**Problem description**
The response should consist of every line below, restated exactly, with no pictures.

**Data for processing**

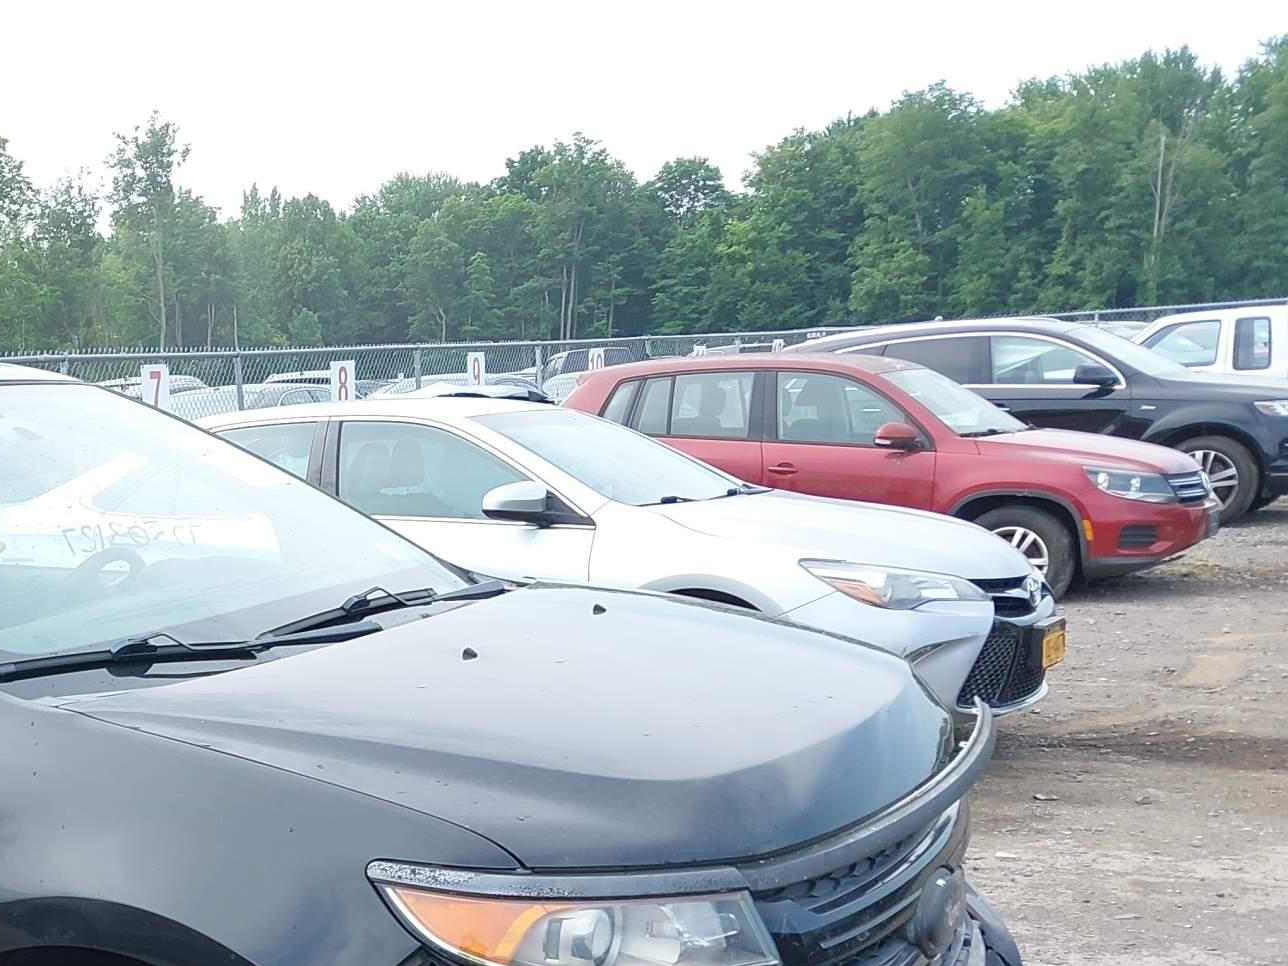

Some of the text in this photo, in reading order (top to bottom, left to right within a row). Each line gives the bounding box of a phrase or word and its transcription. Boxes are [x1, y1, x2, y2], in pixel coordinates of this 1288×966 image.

[338, 366, 349, 401] 8
[472, 357, 481, 385] 9
[149, 370, 162, 408] 7
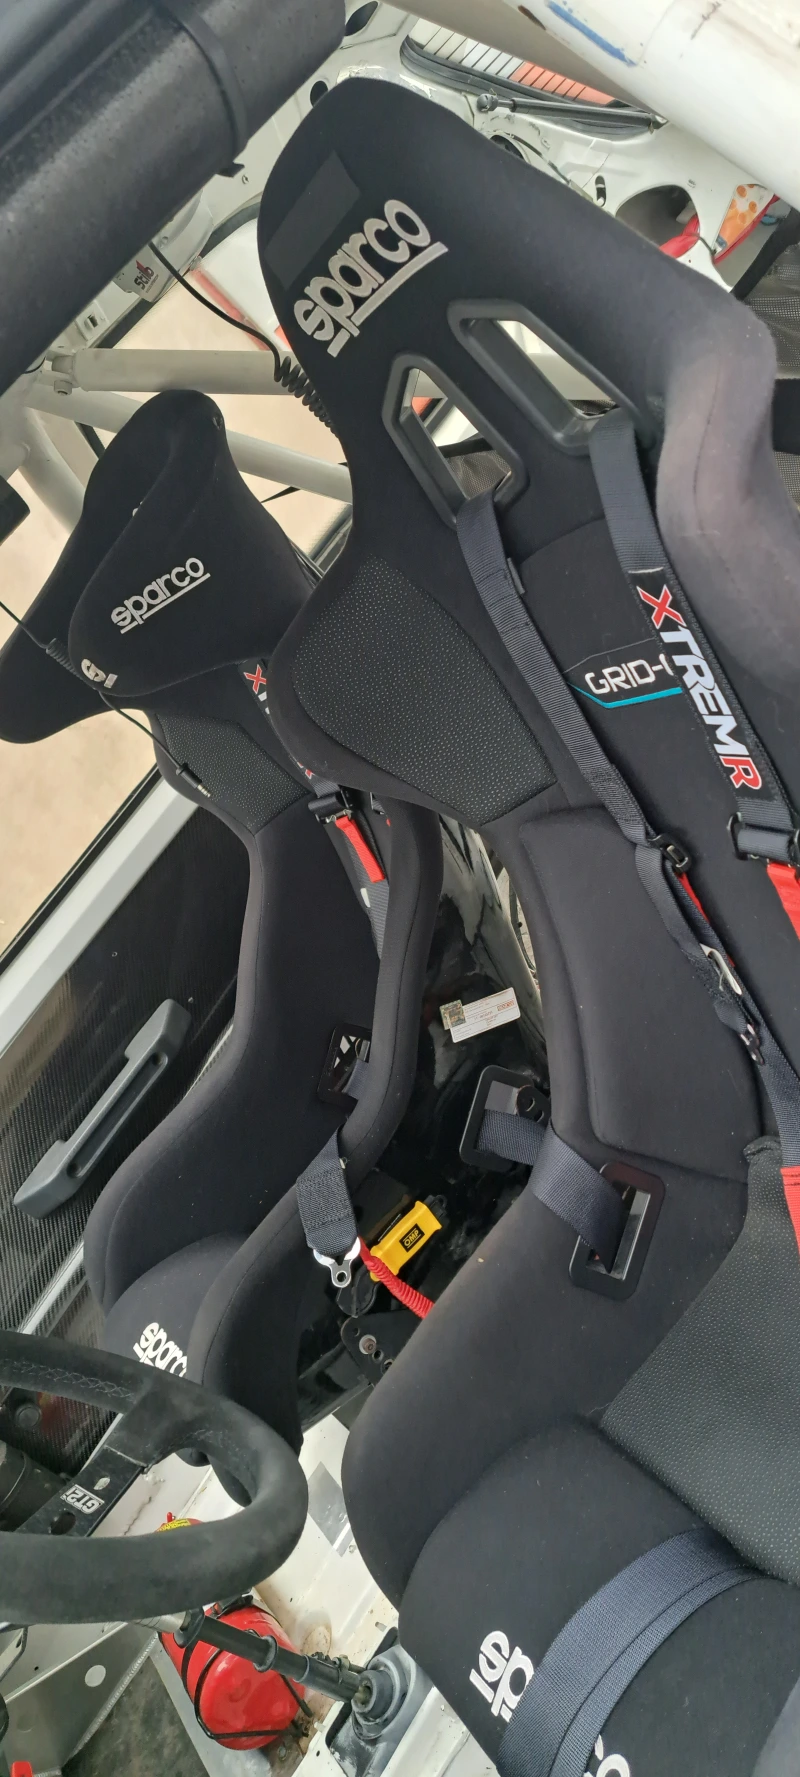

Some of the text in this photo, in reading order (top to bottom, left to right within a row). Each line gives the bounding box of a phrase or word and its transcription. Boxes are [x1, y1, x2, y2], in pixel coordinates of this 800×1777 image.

**Output of the exercise**
Some of the text in this photo, in reading order (top to bottom, left to right within a row). Each line gives the bounding box of a phrase or word and its transcription. Boxes are [x1, y1, x2, y2], in pixel coordinates of this 1288×966 image.

[338, 366, 349, 401] 8
[472, 357, 481, 385] 9
[149, 370, 162, 408] 7

Some of the text in this photo, in reading order (top to bottom, left to right within a row). Each line gives the bounding box of a phrase or word and its transcription. Boxes are [x1, y1, x2, y2], in pixel coordinates of this 800×1777 image.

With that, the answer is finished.